*TASK DESCRIPTION:* Nothing but the lines from the one containing "this 1200×1600 image." through the end of the data should be output, each reproduced exactly.

*SUPPLIED RECORDS:*
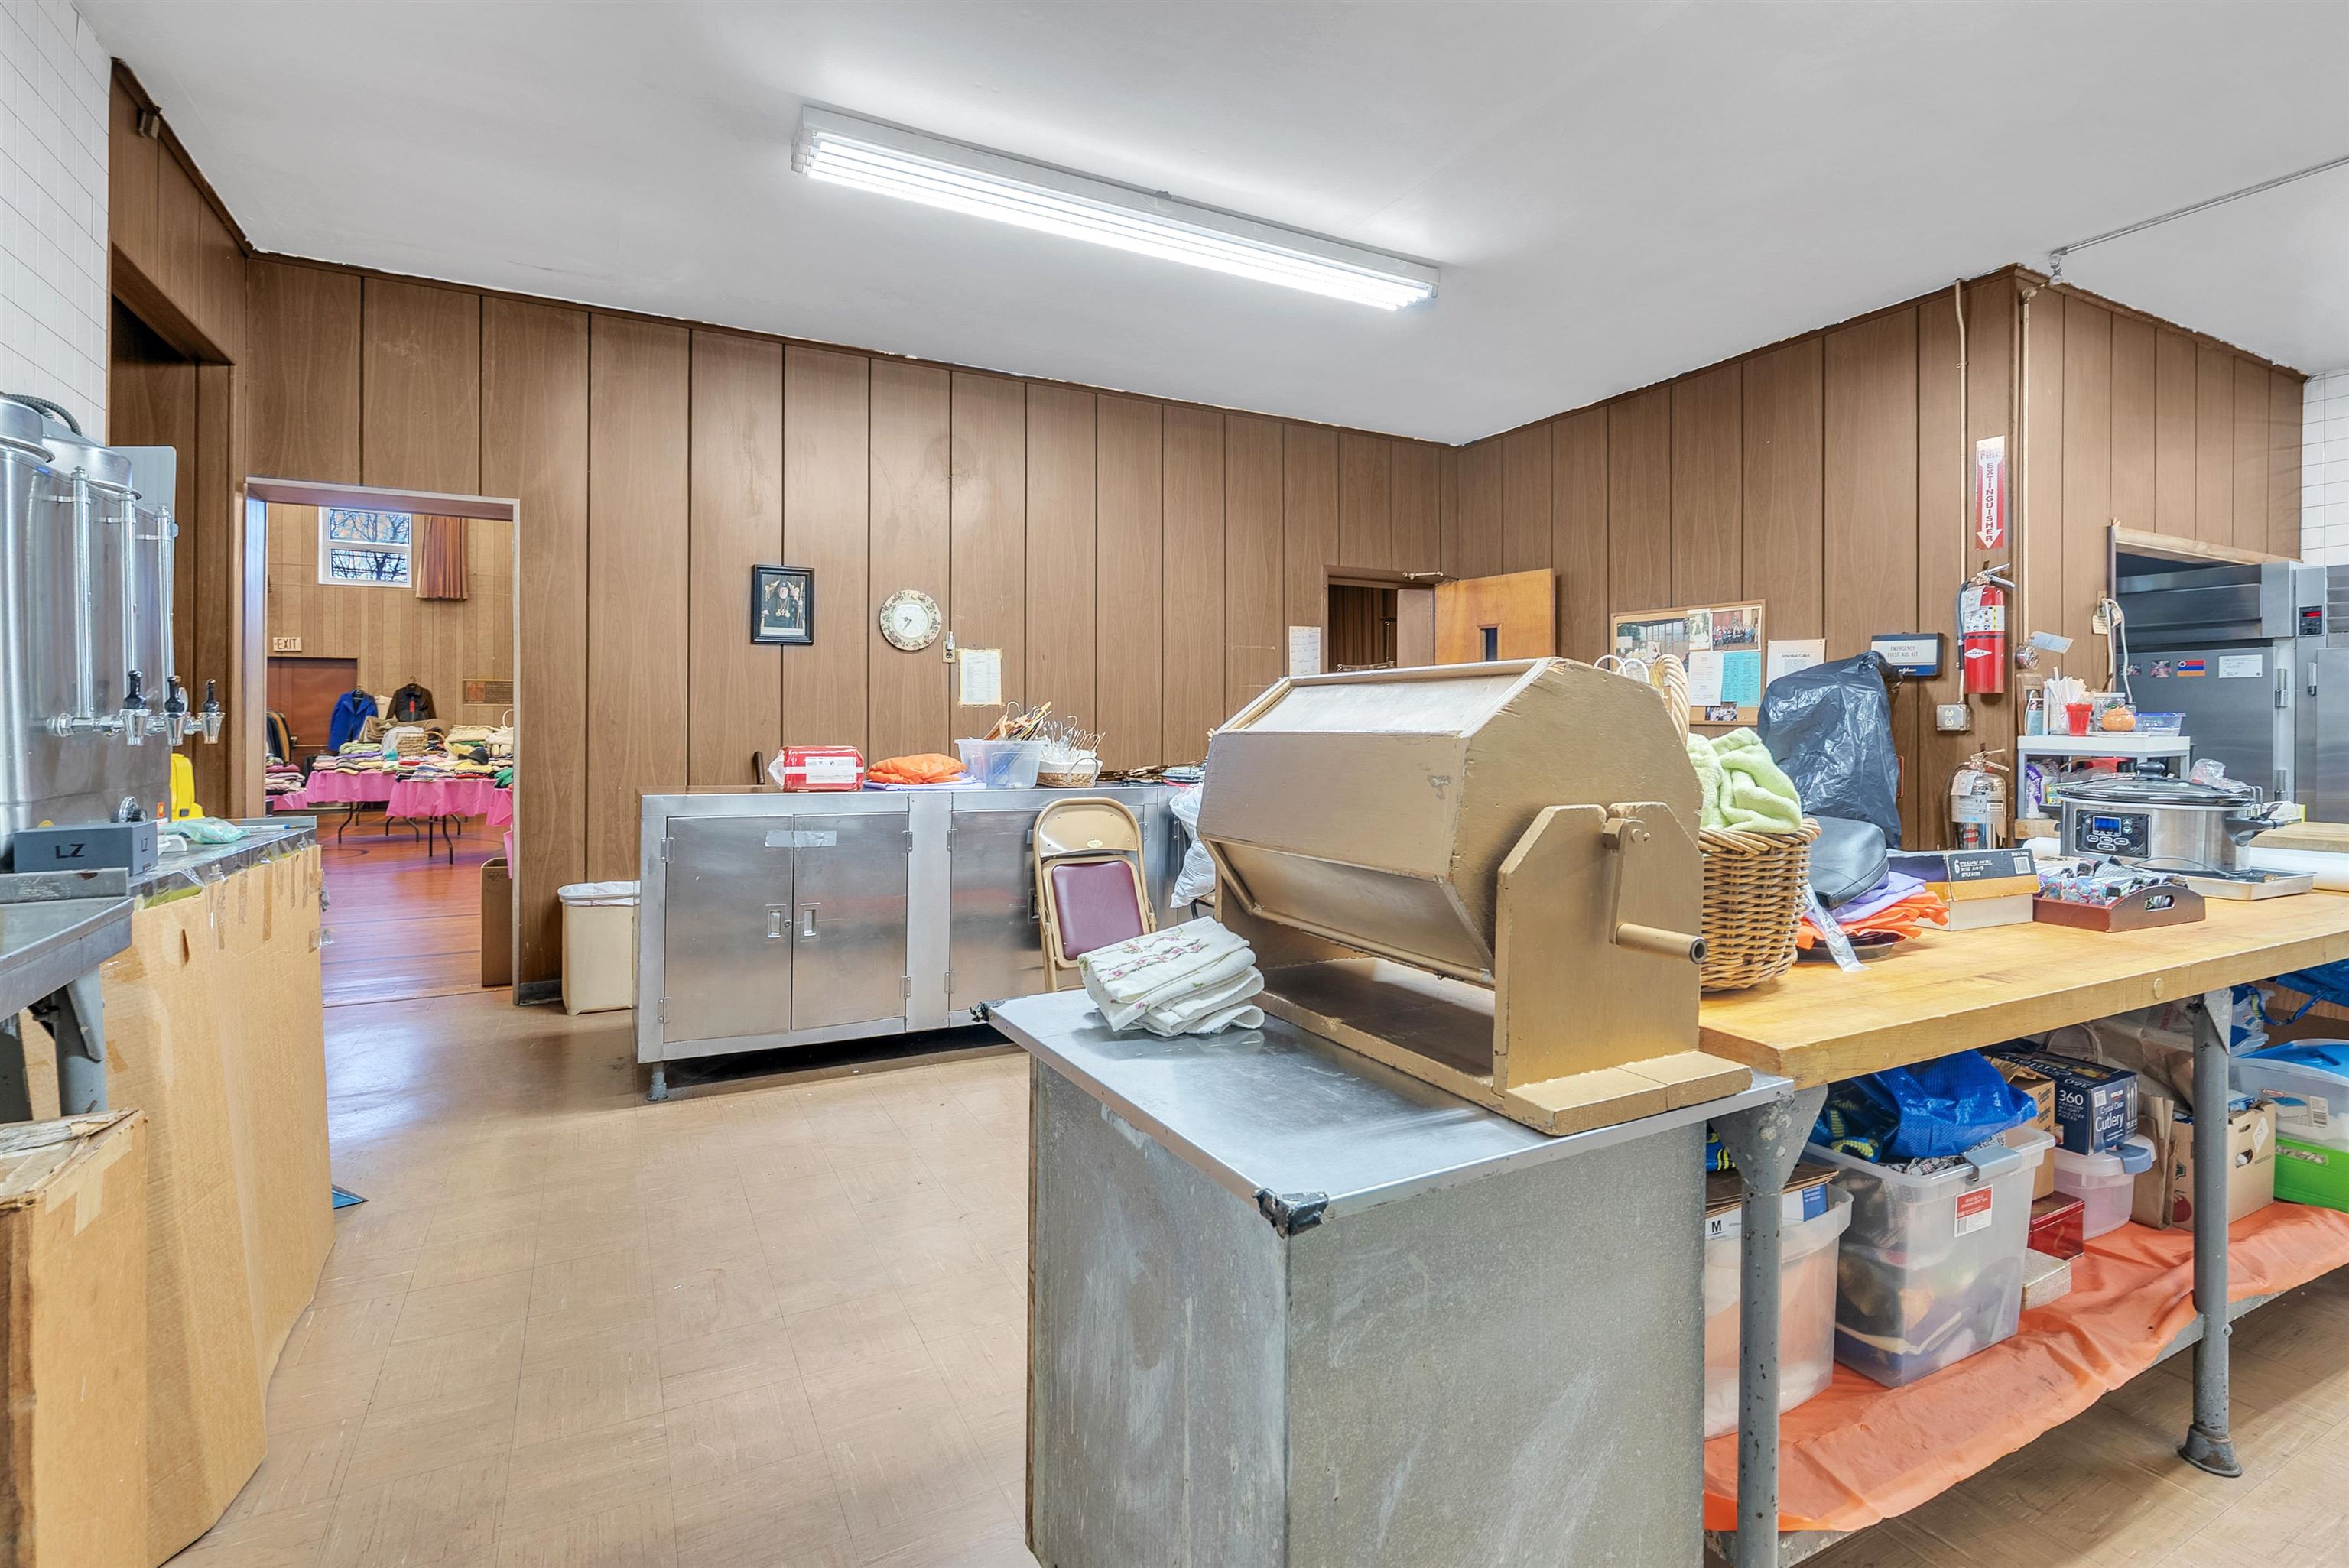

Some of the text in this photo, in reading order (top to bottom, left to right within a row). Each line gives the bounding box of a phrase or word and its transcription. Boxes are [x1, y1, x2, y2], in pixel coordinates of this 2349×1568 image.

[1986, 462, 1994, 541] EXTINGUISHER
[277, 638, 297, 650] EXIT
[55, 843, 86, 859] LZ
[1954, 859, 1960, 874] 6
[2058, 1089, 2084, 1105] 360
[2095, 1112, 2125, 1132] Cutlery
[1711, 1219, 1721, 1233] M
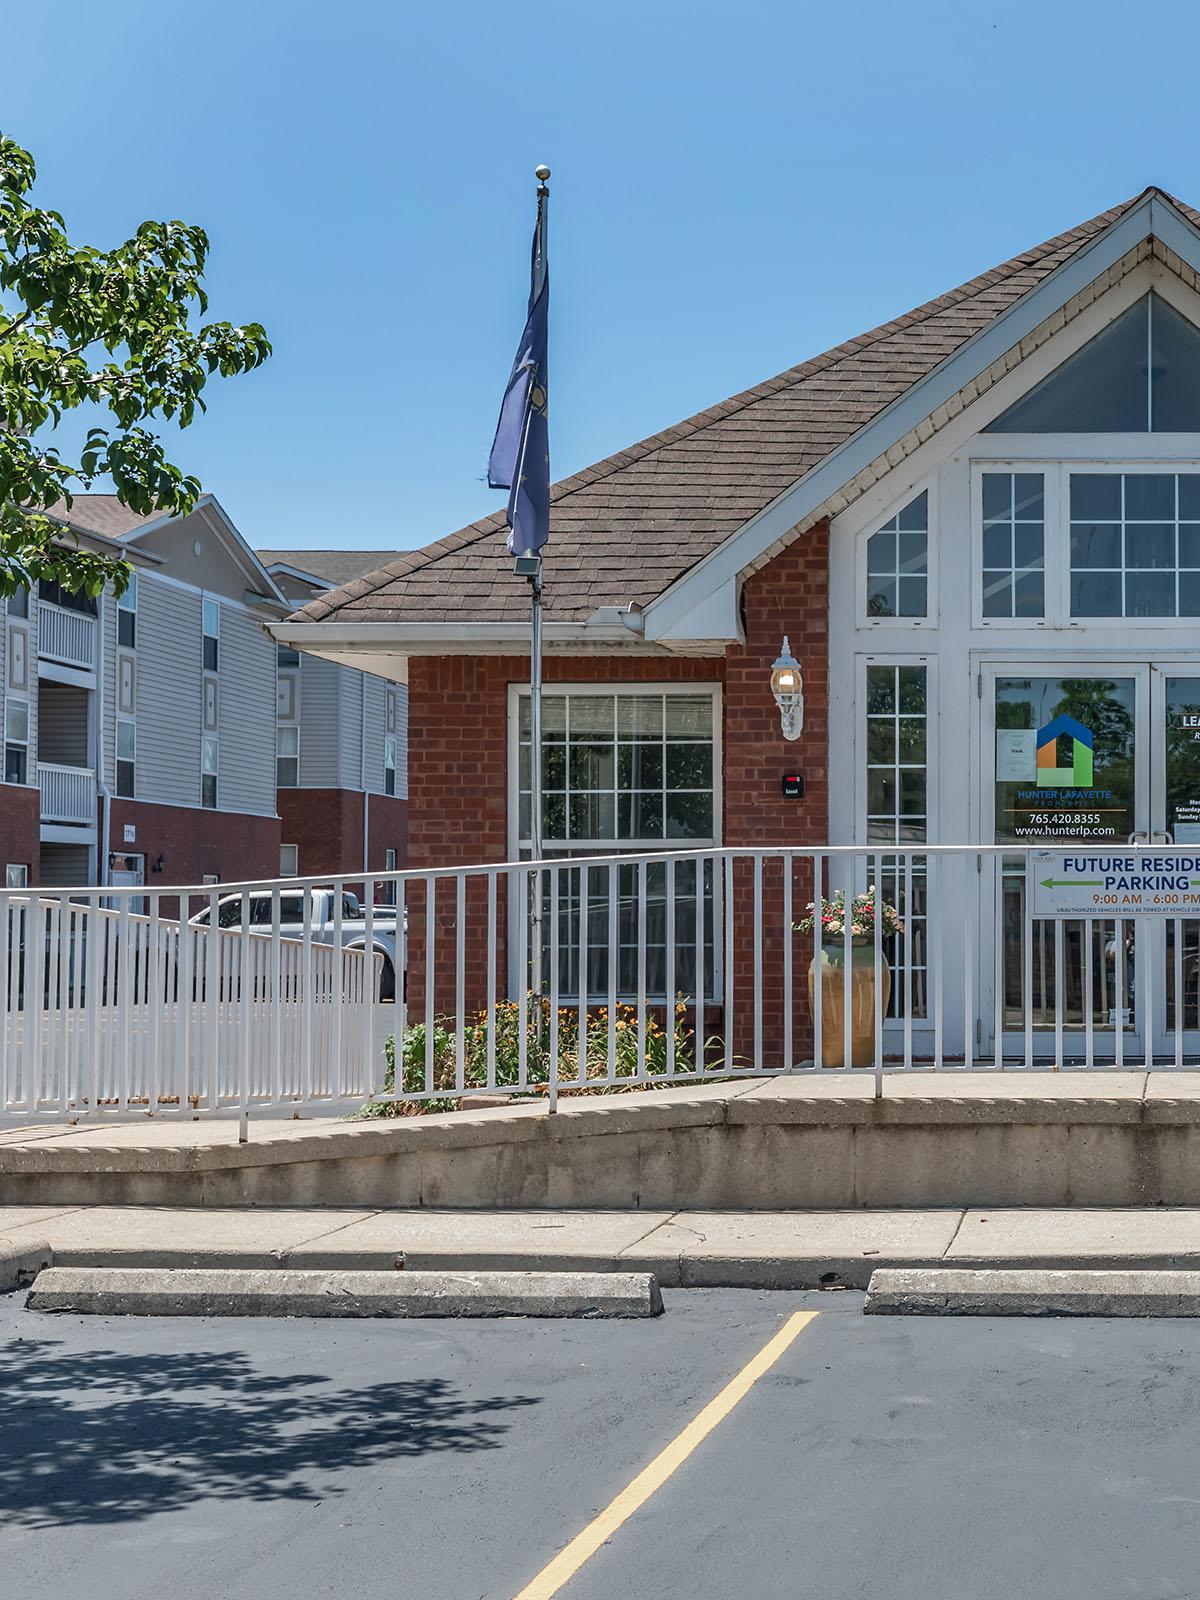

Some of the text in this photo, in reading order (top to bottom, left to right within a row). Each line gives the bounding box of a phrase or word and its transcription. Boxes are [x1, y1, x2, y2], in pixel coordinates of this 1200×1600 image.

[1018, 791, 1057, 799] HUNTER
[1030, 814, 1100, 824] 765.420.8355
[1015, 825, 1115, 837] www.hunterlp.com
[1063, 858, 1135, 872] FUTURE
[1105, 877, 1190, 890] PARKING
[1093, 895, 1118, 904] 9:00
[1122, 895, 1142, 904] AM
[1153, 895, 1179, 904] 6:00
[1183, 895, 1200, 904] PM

*WRITTEN RESPONSE:*
Some of the text in this photo, in reading order (top to bottom, left to right within a row). Each line gives the bounding box of a phrase or word and its transcription. Boxes are [x1, y1, x2, y2], in pixel coordinates of this 1200×1600 image.

[1018, 791, 1057, 799] HUNTER
[1030, 814, 1100, 824] 765.420.8355
[1015, 825, 1115, 837] www.hunterlp.com
[1063, 858, 1135, 872] FUTURE
[1105, 877, 1190, 890] PARKING
[1093, 895, 1118, 904] 9:00
[1122, 895, 1142, 904] AM
[1153, 895, 1179, 904] 6:00
[1183, 895, 1200, 904] PM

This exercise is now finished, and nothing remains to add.